India’s purchasing managers’ index (PMI) for manufacturing in March increased to a three month high of 56.4, from 55.3 in February, as input costs declined and output expanded, said a private survey on Monday.


“March data highlighted a further upturn in new business placed with Indian manufacturers. Moreover, the rate of expansion was sharp and the quickest in three months. Firms suggested that marketing efforts bore fruit. Demand resilience and competitive pricing were also cited as growth drivers,” said the survey by S&P Global.

A survey print above 50 by the global rating agency indicates expansion in manufacturing, and below marks contraction.

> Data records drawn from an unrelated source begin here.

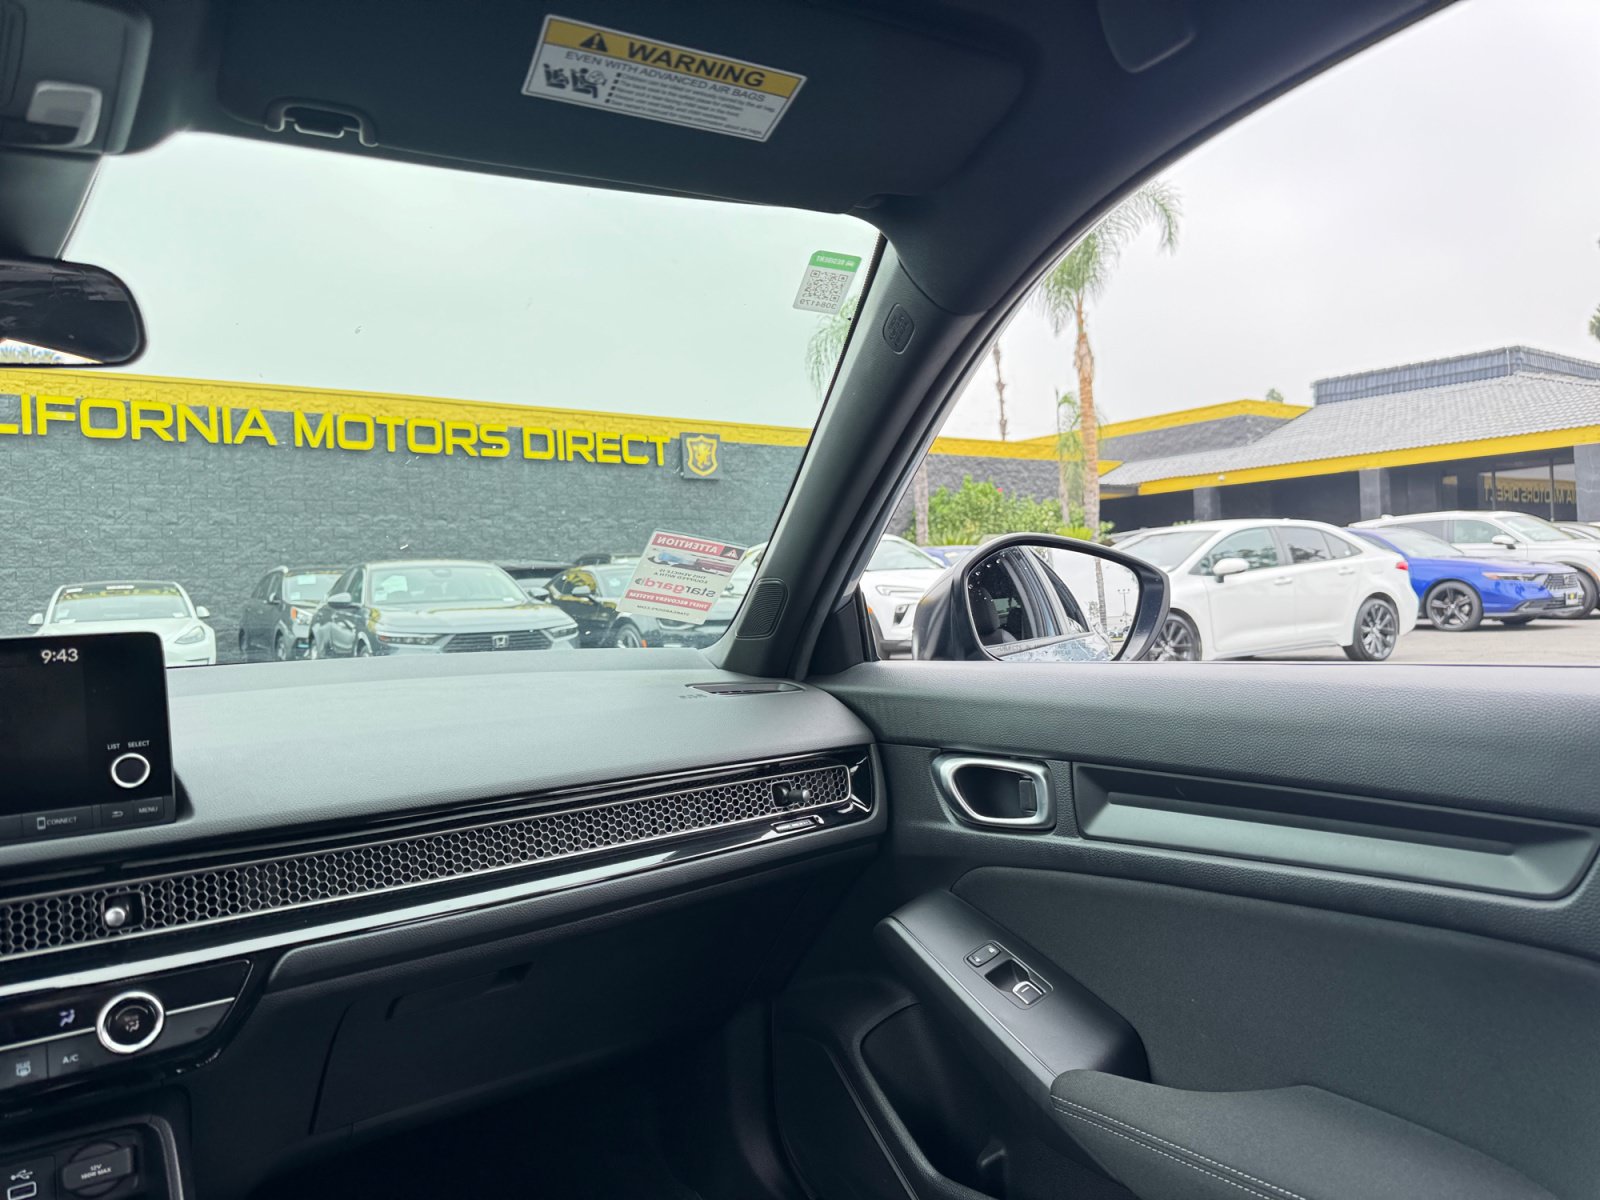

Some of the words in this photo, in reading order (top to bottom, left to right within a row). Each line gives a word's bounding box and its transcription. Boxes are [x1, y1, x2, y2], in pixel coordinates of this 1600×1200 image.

[627, 41, 766, 88] WARNING
[565, 51, 602, 67] EVEN
[604, 58, 640, 76] WITH
[640, 66, 708, 91] ADVANCED
[709, 82, 731, 95] AIR
[732, 87, 766, 103] BAGS
[294, 410, 511, 457] MOTORS
[522, 427, 671, 466] DIRECT
[41, 648, 79, 664] 9:43
[107, 743, 120, 751] LIST
[127, 740, 150, 748] SELECT
[138, 805, 159, 815] MENU
[46, 816, 78, 826] CONNECT
[62, 1053, 79, 1065] A/C
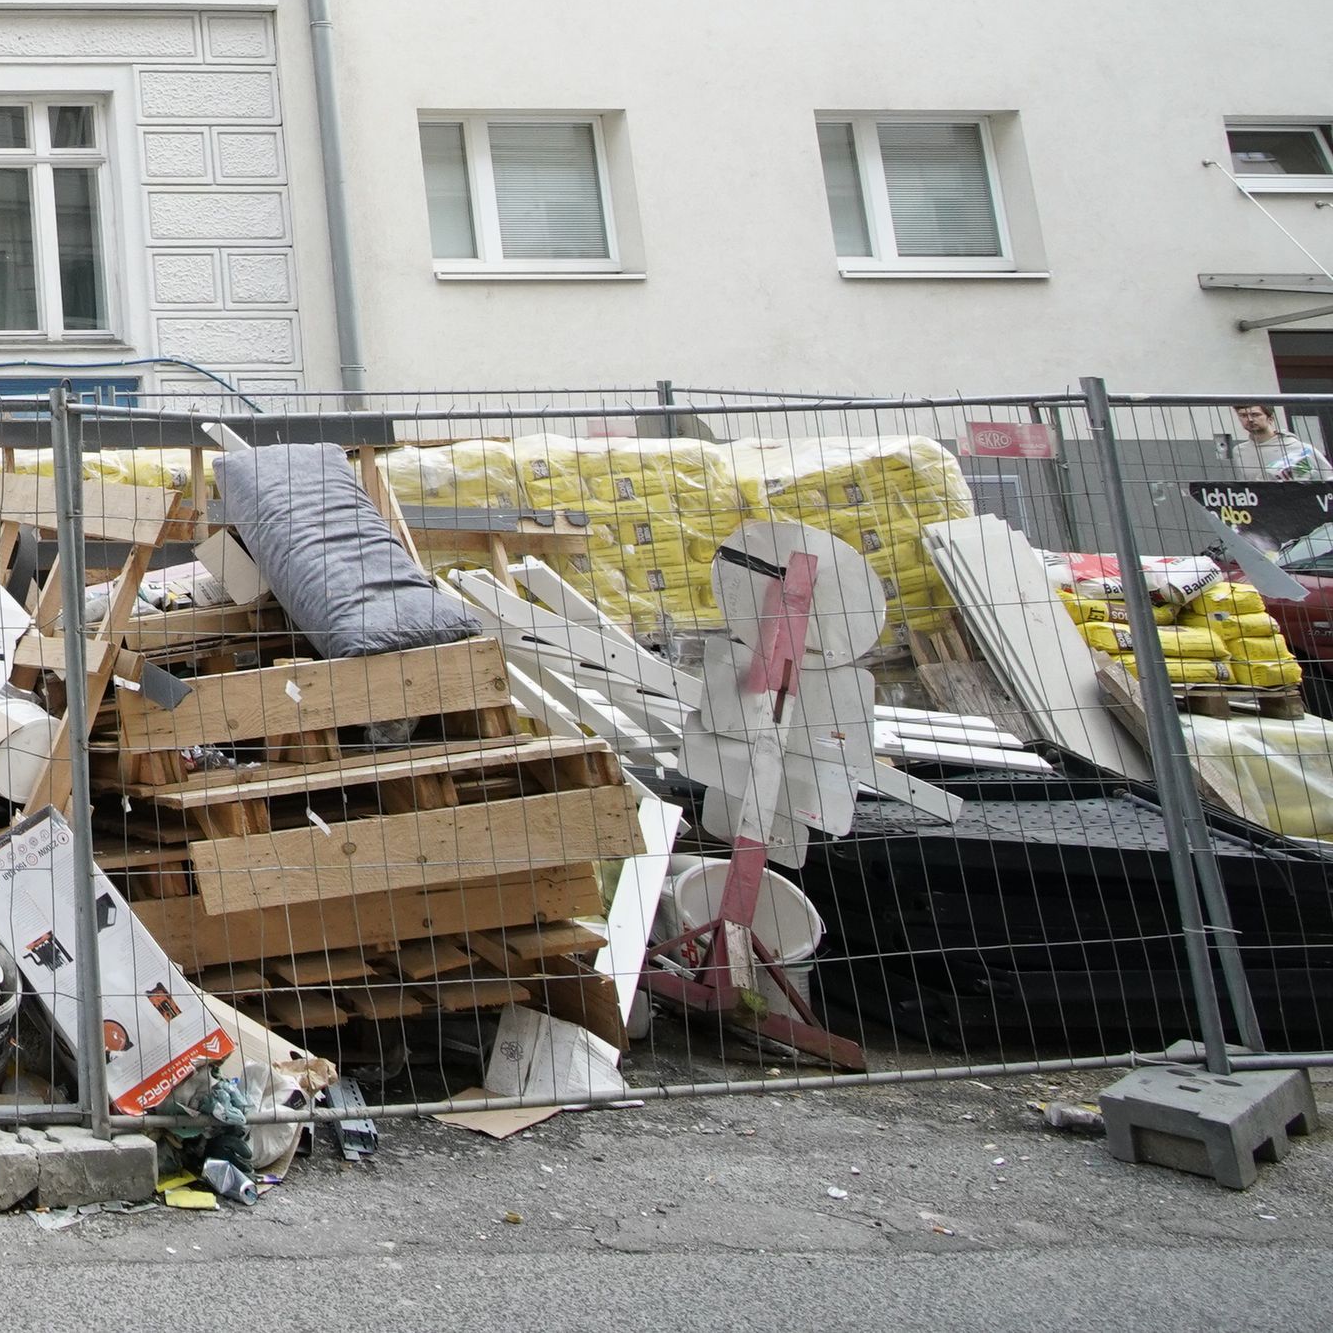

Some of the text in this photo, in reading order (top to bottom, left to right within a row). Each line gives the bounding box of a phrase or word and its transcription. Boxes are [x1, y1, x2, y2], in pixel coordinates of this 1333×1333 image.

[978, 433, 1009, 447] EKRO
[1202, 488, 1226, 506] Ich
[1228, 488, 1258, 506] hab

March data pointed to a consecutive 21-month rise in manufacturing production.


The survey noted that moderation in cost pressures prompted buying, as the March data showed the second-weakest increase in input prices in two-and-a-half years.

“In fact, close to 96 per cent of firms signalled no change in cost burdens since February. Although selling prices increased further at the end of the last fiscal quarter, the rate of inflation was moderate and broadly similar to February,” it said.


Pollyanna De Lima, economics associate director at S&P Global Market Intelligence, said that production in March continued to expand robustly and firms stepped up stock building.

“Companies reported abundant capacity among themselves and their suppliers. As for supply chains, improved availability of raw materials among vendors resulted in shorter delivery times and retreating price pressures. Overall, input costs rose at the second-slowest rate since September 2020,” she said.


Indian manufacturers expect improved customer relations, new products and advertising to support sales and production for 12 months, said the survey, noting that the overall level of positive sentiment slipped to an eight-month low due to concerns surrounding competitiveness and general inflation.

However, the goods producers kept payroll numbers broadly unchanged in March, as there was only mild pressure on the capacity of goods producers and the outstanding business volumes rose at a marginal rate that was the weakest in a year.


De Lima said that pending workloads expanded only marginally in March, hindering job creation.

The manufacturing PMI data follows core sector data released on Friday by the state industry department. Production in eight infrastructure industries expanded 6 per cent year-on-year (YoY) in February, as seven sectors reported positive output growth.


Before core sector data, the Organisation for Economic Cooperation and Development (OECD) revised upwards growth estimates for India by 20 basis points (bps) to 5.9 per cent for FY24.


“In India, GDP growth for 2023 is projected to be 5.9 per cent, due to weak external demand and high borrowing costs, while inflation will need to be monitored closely. The agricultural sector has seen an increase in yields and a continuation of minimum support prices for various products. India will also benefit from an improved investment climate brought on by a reduction in corporate taxes, and new incentives for tax compliance,” said the OECD in its latest interim outlook.